TAHLİYE OLMALARI LAZIM

Aktar, 17 Haziranda ara kararı açıklanan ve 2 kişinin tahliye edildiği karara ilişkin görüş belirtti. Kürt siyasetçilerin tutuklanmasının üzerinden 4 yıl 2 ay geçtiğini hatırlatan Aktar, 14 Nisan 2009 tarihinde gerçekleşen operasyon sonrasında operasyonların dalgalar şeklinde genişletilerek ana dava olarak bilinen “KCK” ana davasıyla birleştirildiğini söyledi. Tutuklu Kürt siyasetçilerin tutukluluk süresini belirten Aktar, “Birleşen dosyayı saymazsak, KCK ana davasında ilk yakalananların en kısa tutuklu süresi olanlar 3 yıl 5 ay gibi bir süre. İlk tutuklananlardan 50’yi aşkın kişinin tutukluluk süresi 4 yılı aşıyor” dedi. İlk dosyada 80, birleşen dosyada 17, toplam 97 tutuklu olduğunu kaydeden Aktar, 80 kişiden 45’inin örgüt üyeliğinden yargılandığını belirtti. “Ceza kanununa göre ceza miktarı, TMK’ye de bakarsak 7 buçuk yıl ve alt sınırdan verilmesi gereken ceza 6 yıl 3 aydır.
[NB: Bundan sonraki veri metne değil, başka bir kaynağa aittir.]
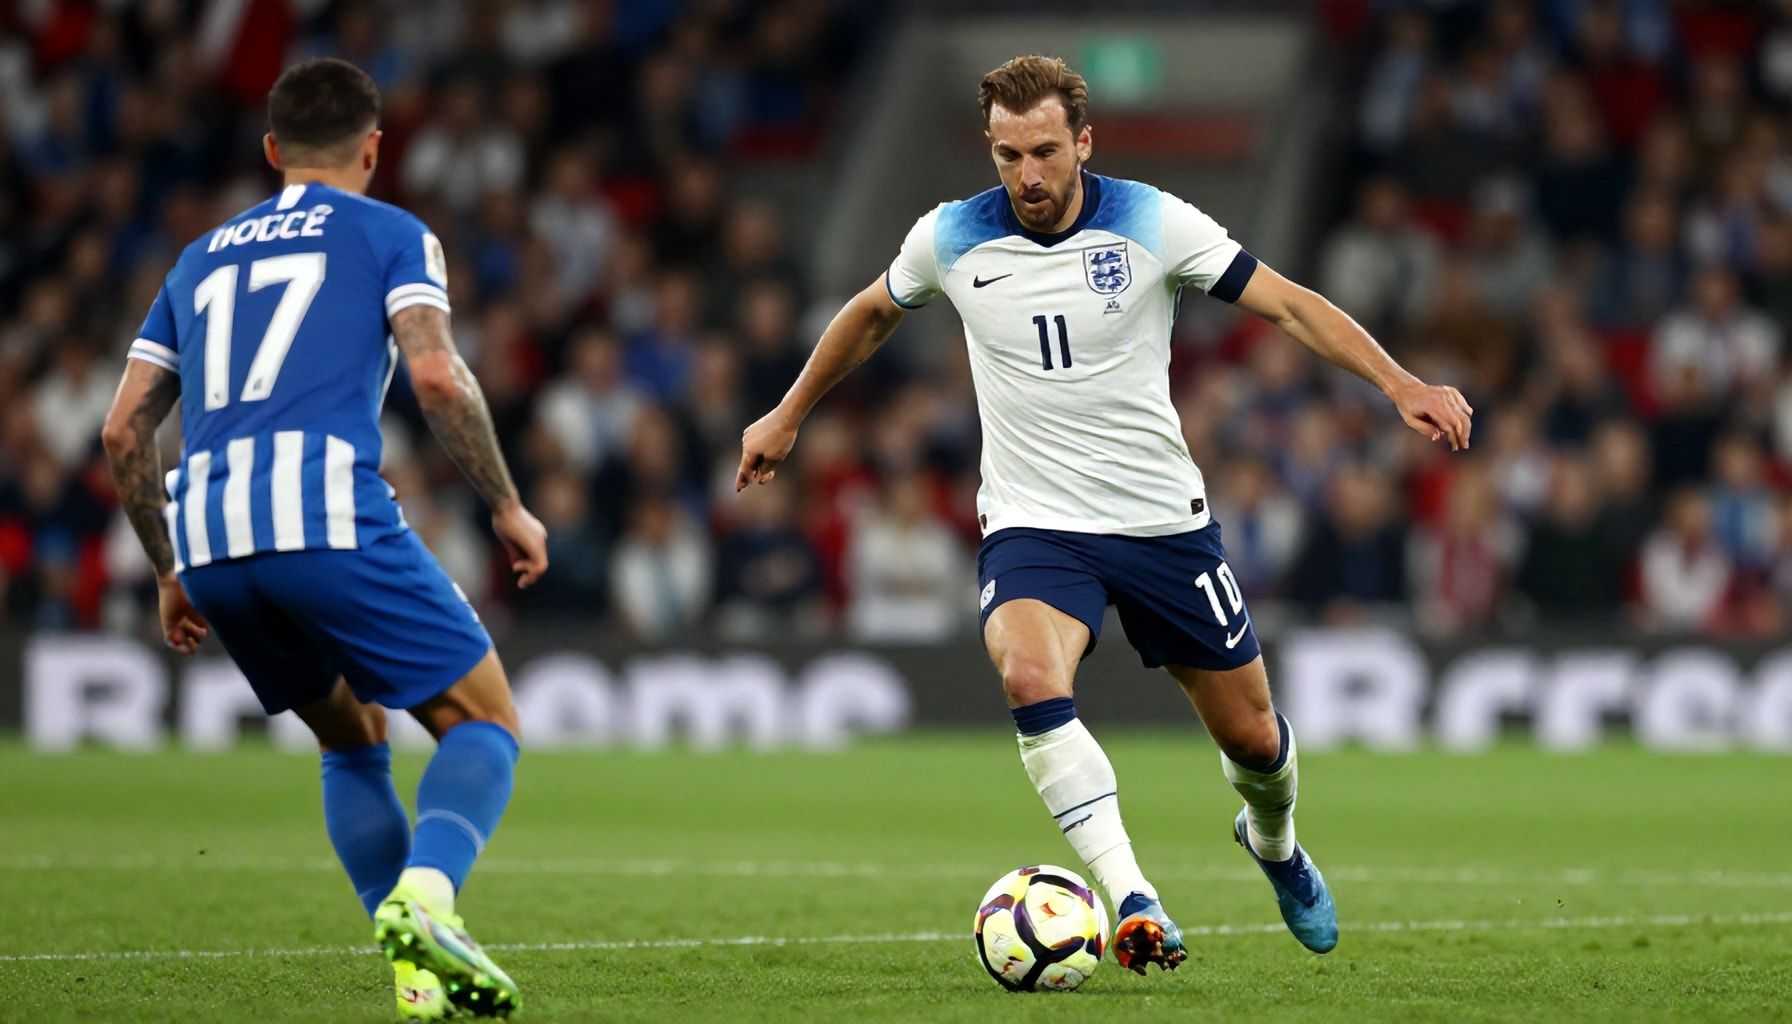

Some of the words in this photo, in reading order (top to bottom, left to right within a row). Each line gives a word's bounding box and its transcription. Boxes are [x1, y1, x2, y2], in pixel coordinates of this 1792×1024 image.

Bu ceza verildiğinde bunun infazını yatması 4 buçuk yıldır. 4 buçuk yılı yattıktan sonra cezanın infazı tamamlanıp tahliye olmaları lazım” diyen Aktar, tutuklu siyasetçilerin tutukluluk sürelerinin 4 yıl iki ayını tamamladığını, eylül ayıyla beraber 4 buçuk yılın tamamlanmış olacağına dikkat çekti. Aktar, şöyle devam etti: “Böylelikle mahkeme aslında karar vermeden verilebilecek bir örgüt üyeliği cezasını infaz etmiş olacak. Bu şu demektir aslında, peşinen hüküm vererek, cezalandırmaktır. Yargılama yapmadan bir cezayı infaz etmektir.” Bunun diğer bir anlamının, bundan sonra mahkeme heyeti değişse dahi gelecek heyetler üzerinde de bir cezalandırma baskısı uyandıracağını ifade eden Aktar, “Çünkü bu kadar süre tutuklu tuttuğunuz bir insanı bu saatten sonra beraat ettirseniz de bu durumu açıklayamazsınız. Bu tutuklama infaza dönmüş oldu” diye belirtti.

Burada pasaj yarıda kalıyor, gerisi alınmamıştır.